I’ve never wanted to be a witch, but an alchemist, now that’s a different matter. To invent this wizard world, I’ve learned a ridiculous amount about alchemy. Perhaps much of it I’ll never use in the books, but I have to know in detail what magic can and cannot do in order to set the parameters and establish the stories’ internal logic. J. K. Rowling
Rowling’s wizard world does have an internal logic and her depiction of how magic works is consistent. While I would not recommend reading the series as an allegory of alchemy or any alchemical text, I would advise readers to view the series through the lens of alchemical transformation… and to see Rowling’s use of magic as a method or technology and not a glorified representation of magic or a endorsement of witchcraft (in its various forms).
Rowling also repeatedly uses popular alchemical symbols and legends to advance her storylines: the legends surrounding the Philosopher’s Stone and the Elixir of Life, the symbol of the Phoenix, references notable alchemists such as Nicholas Flamel and Paracelsus, and many more subtle references to the alchemical world.

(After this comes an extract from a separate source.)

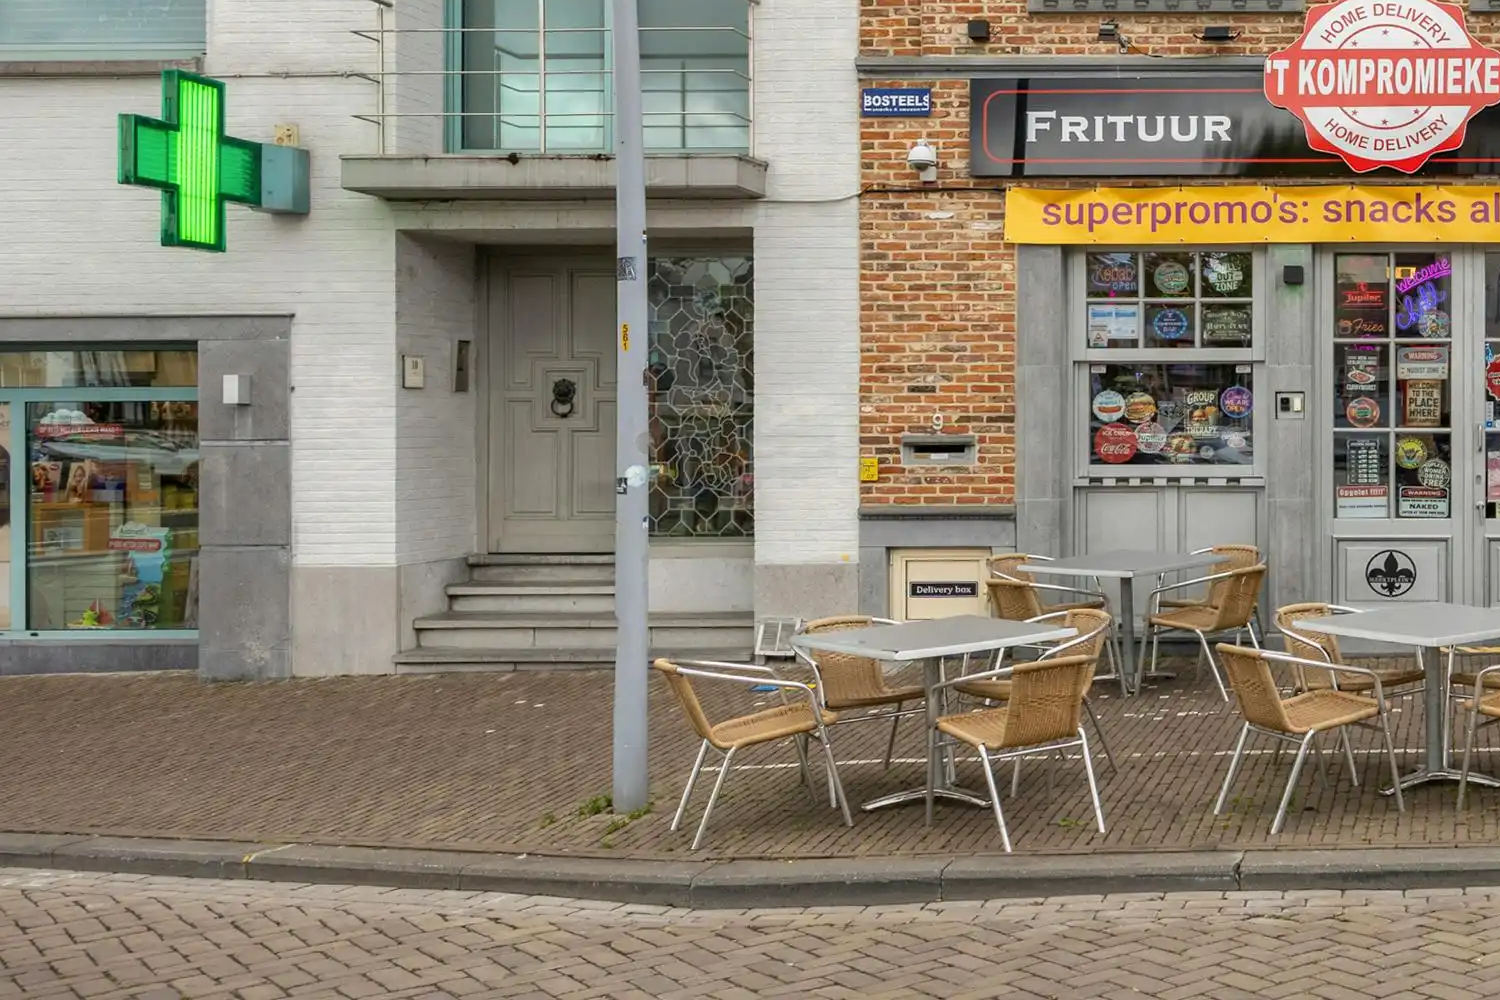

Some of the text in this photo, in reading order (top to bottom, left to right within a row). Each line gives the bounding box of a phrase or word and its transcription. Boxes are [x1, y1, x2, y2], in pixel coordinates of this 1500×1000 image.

Rowling’s theme of transformation (from childhood to adulthood) embodied in the seven book series mimics an alchemist’s ultimate goal, to transform base metals into precious gold and silver and to transform themselves (from merely ‘crude matter’ to a more perfect reflection of the Creator and cosmos) and to purify themselves of the taint of human frailty. For many alchemists, these practices were about spiritual transformations as well as physical ones. It is often times difficult to separate the threads of mystical lore (primarily from Judaism, Christianity, and Islam) from the purely material observations these alchemists made through years of research.
Alchemy: What is it?
This question is difficult to address for a multiplicity of reasons. Many historians debate when and where this practice actually began. Most historians divide the practice by its place of supposed origin. Western traditions are said to originate in Egypt and adapted later by the Greeks. Eastern traditions are linked back to both ancient China and India. No matter which line one follows, the “origin” of alchemy remains in the murky and mythic past.
Another complication is that the hallmark attribute of alchemical practices is that they were intended to be secret and only passed on to the properly trained and initiated. This translates into a slew of cryptic texts and images that are intentionally enigmatic. Many of the stories about noted alchemists themselves are more akin to legend and fable than what a modern reader might view as a historical account. These earliest “histories” do not cite dates, present conflicting information about said alchemists, and include unusual anecdotes (reading more like hagiographies than biographies).
Reading the texts written by these alchemists themselves is even more confounding as many of the texts are written under pseudonyms or take on the mantle of earlier, more venerated authors from the alchemical community. For example, a text written by a second century Greek alchemist whose was influenced by Jewish and Christian mystical traditions, might write under the name of a great patriarch, matriarch, or prophet from the Hebrew Scriptures. Not only is authorship undeterminable, the texts themselves are designed to discourage the uninitiated reader… rendering them almost impossible to decipher with any accuracy.
Etymologically, we can turn to the term ‘alchemy’ itself for some kind of hint to the tradition’s origin. Some sources link the base of the word itself to the Egyptian ‘keme’ which means roughly ‘black earth’—believed to be associated with the fertile soils of the Nile. Another source states that the term comes to us via the Greek word ‘chymia’ meaning ‘working with metals.’ Later alchemists will view this dark fecund muck as the much coveted ‘original matter’ from which all creation came, and see its possession as a requirement for the production of the Philosopher’s Stone.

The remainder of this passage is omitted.